Both changing demographics and biomedical progress will drive further increases in Medicare spending, McClellan said. “In the meantime, any steady steps that we can take to make the program spending more efficient, would be helpful.” These steps could include reforming the Part D drug benefit or adopting spending flexibilities to deliver in-person services via telehealth.

But underlying these incremental steps should be a transfer from payment-for-volume to payment-for-value-based-care via alternative payment models, both men stressed. “Where we are now in the alternative payment model movement is a need to move away from experimenting and ‘letting many flowers bloom’ towards what I would call a broader targeted strategy of what payment in Medicare is going to look like going forward,” Chernew said.

Although alternative payment models have saved some money and improved quality, the core goal should be to lower the rate of spending growth as opposed to lower spending altogether, Chernew explained. To do so, there needs to be better refinements of model parameters, and to better define how benchmarks are set up and how risk is adjusted, he said.

“Our problem is largely what spending is forecast to be. And obviously we should reap any efficiencies we can as soon as we can. But the core challenge is going to be to slow the rate of growth, to help finance the demographic and…the innovation pressures, the system will inevitably face,” Chernew said.

A broader end goal strategy and sense of parameters will help the use of alternative payment models to slow the rate of spending growth.
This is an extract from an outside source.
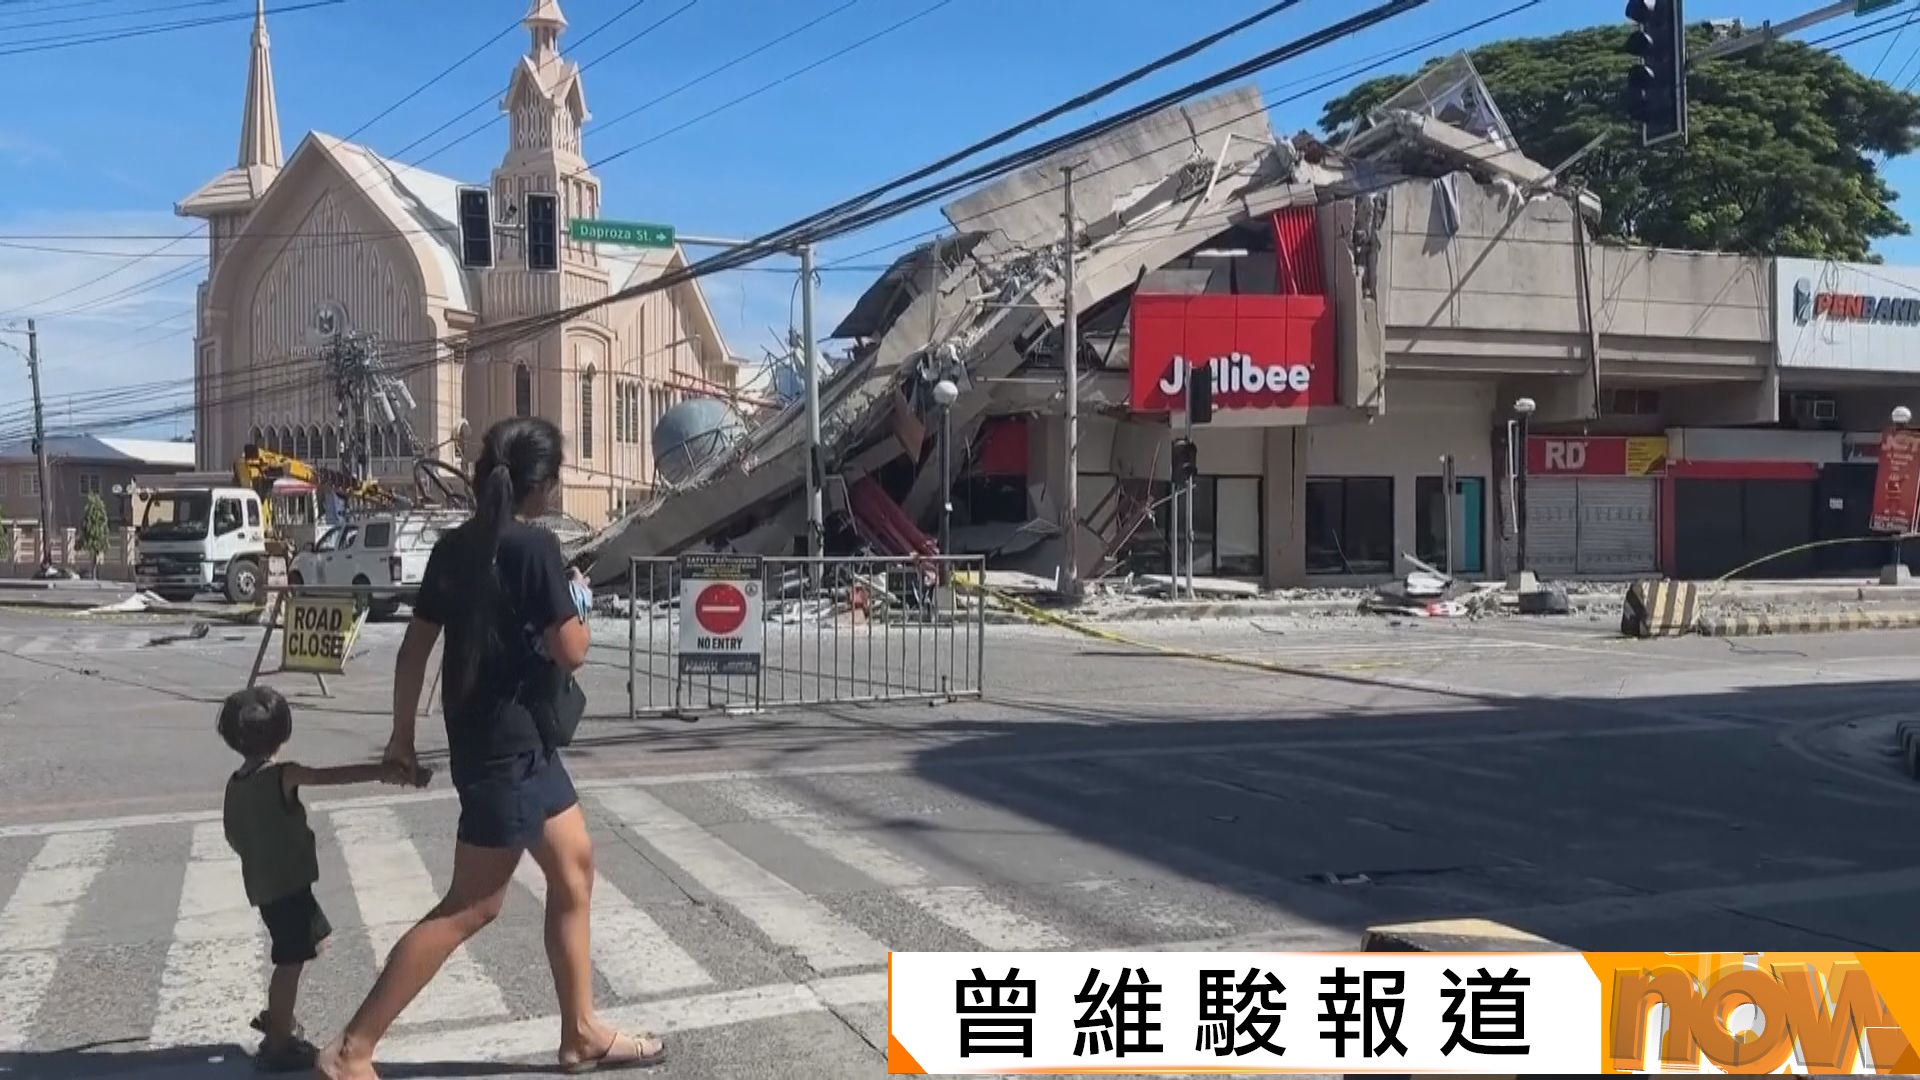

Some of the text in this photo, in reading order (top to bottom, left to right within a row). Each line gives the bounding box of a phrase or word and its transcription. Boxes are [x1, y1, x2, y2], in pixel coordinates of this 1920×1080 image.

This goal is achievable, “but I think there’s going to be some period of debate about what that portfolio model should look like as we go forward,” Chernew said.
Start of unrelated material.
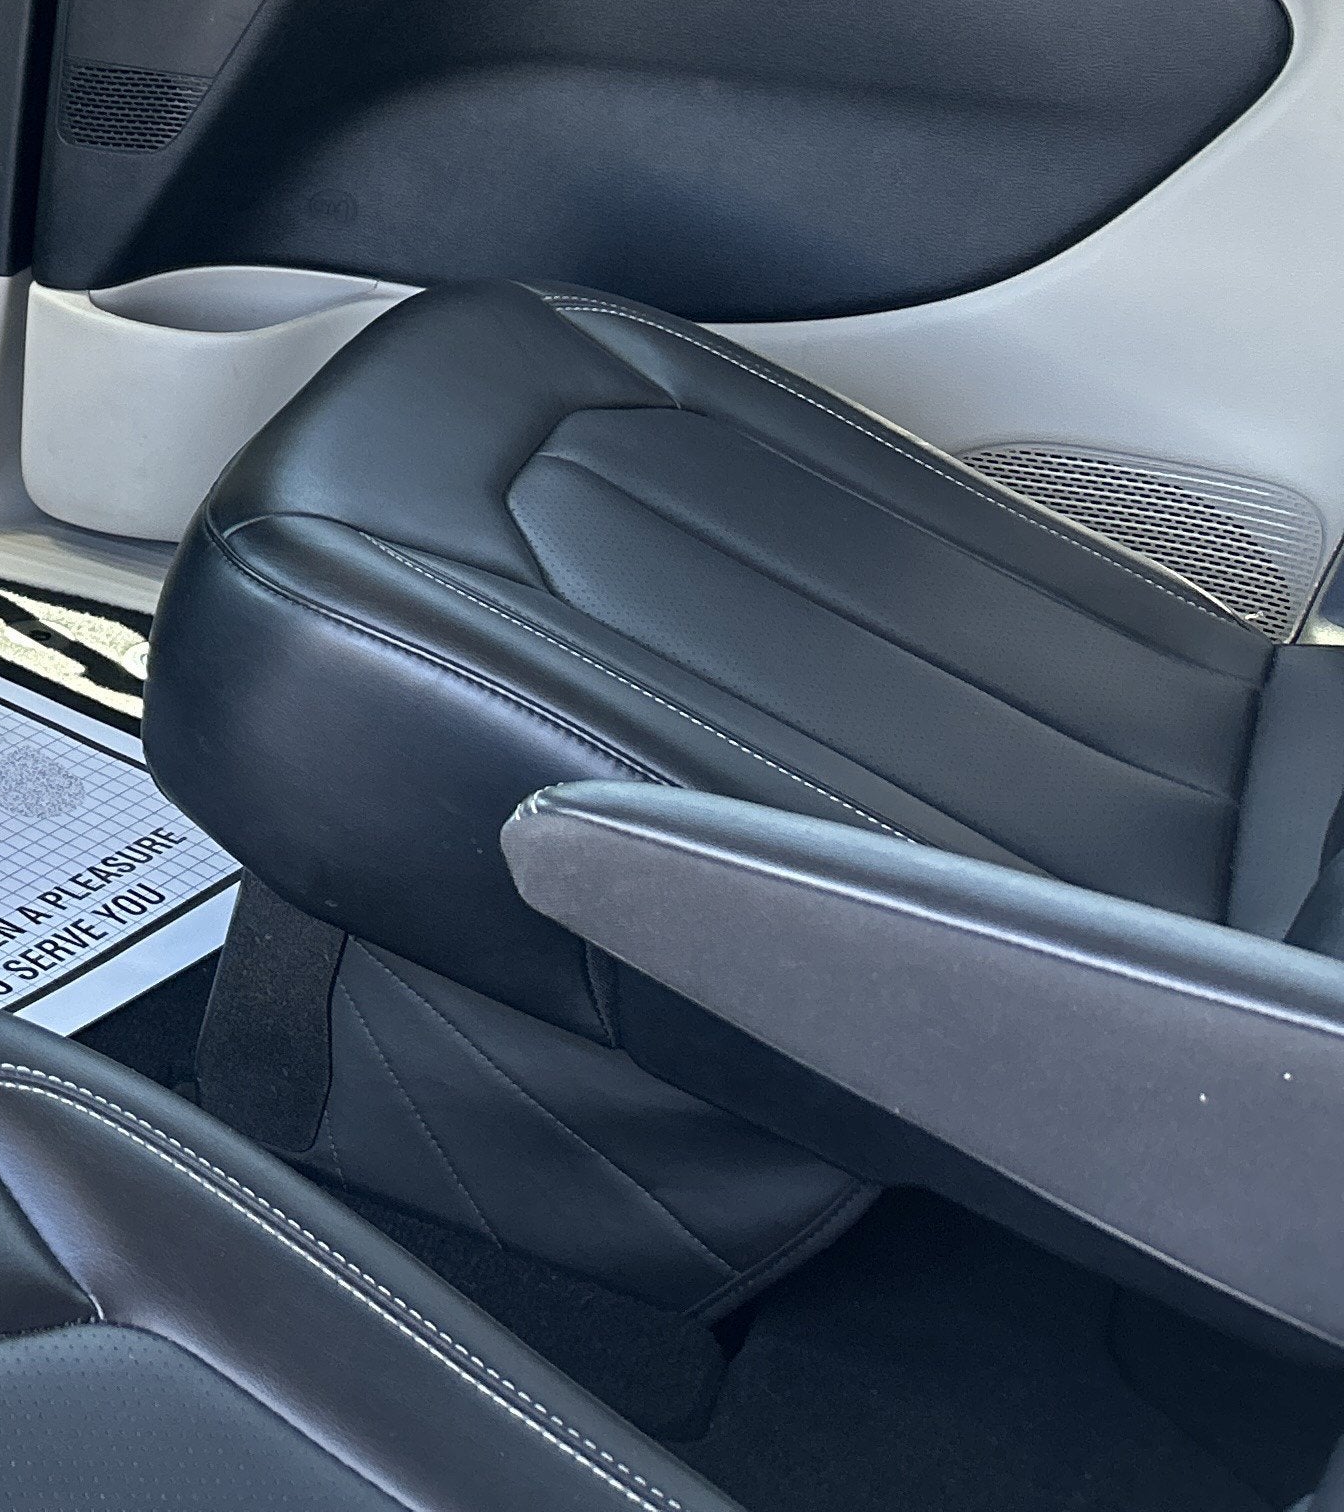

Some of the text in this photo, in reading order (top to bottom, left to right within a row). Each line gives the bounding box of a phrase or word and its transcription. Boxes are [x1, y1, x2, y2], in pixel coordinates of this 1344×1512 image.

[16, 905, 54, 925] A
[36, 826, 188, 911] PLEASURE
[2, 918, 109, 980] SERVE
[92, 882, 166, 925] YOU
Throughout the pandemic, practices that had already moved into relatively advanced alternative payment models were able to better withstand the financial disruptions, McClellan pointed out. “The organizations that were in those programs already had a foundation around longitudinal health information technology (IT), data analytics, infrastructure around team-based approaches to care, around telehealth and virtual care models that were really effective.”
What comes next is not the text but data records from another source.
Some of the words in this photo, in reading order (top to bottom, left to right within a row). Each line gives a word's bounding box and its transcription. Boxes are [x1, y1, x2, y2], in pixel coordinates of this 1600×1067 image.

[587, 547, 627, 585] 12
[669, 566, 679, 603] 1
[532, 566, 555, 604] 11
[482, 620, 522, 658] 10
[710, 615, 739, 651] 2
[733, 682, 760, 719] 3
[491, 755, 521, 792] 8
By using these models as a baseline, organizations can build on the successes and adapt aspects that work best for them. These examples can also help address disparities brought to light by the pandemic. “It's the flexibility in those [alternative payment] models to invest in community health workers in other upstream steps to reach out to patients, not to make them come to you, that we really need to both improve population health, reduce costs and also to reduce disparities,” McClellan said.

Touching on the relatively small impacts on cost and quality stemming from alternative payment model adjustments, McClellan pointed out that many of the programs are voluntary. If organizations are “doing pretty well under a fee-for-service [model] even if costs are high and quality is not clearly better, it's hard to get those providers to move into the alternative model,” he said. To do so, resources and tools enabling the shift all together need to be developed and distributed.

McClellan underscored that the full transition is possible, citing successful shifts in site-of-care carried out by some behavioral health providers during the pandemic. But leadership from CMS and health plans will be crucial. Having clear goals for improving care in addition to “not restarting low-value care, keeping costs down, I think make this a unique time for progress on a real strategy around accelerating alternative payment models and value-based care,” McClellan said.

Revisiting how benchmarks are set to ensure organizations aren’t competing against themselves is also instrumental in this effort, Chernew added.. “When money gets tight providers are going to want some way to control the money so they can capture the savings associated with efficiencies generated.”

Alternative payment models, regardless of savings size, are ultimately a mechanism to allow providers to control funds that will be increasingly limited, Chernew explained. “The more we can all grow in the same direction, to give incentives, to create efficiencies and allow providers to share those efficiencies, I think the quicker we’ll move to where we want to be.”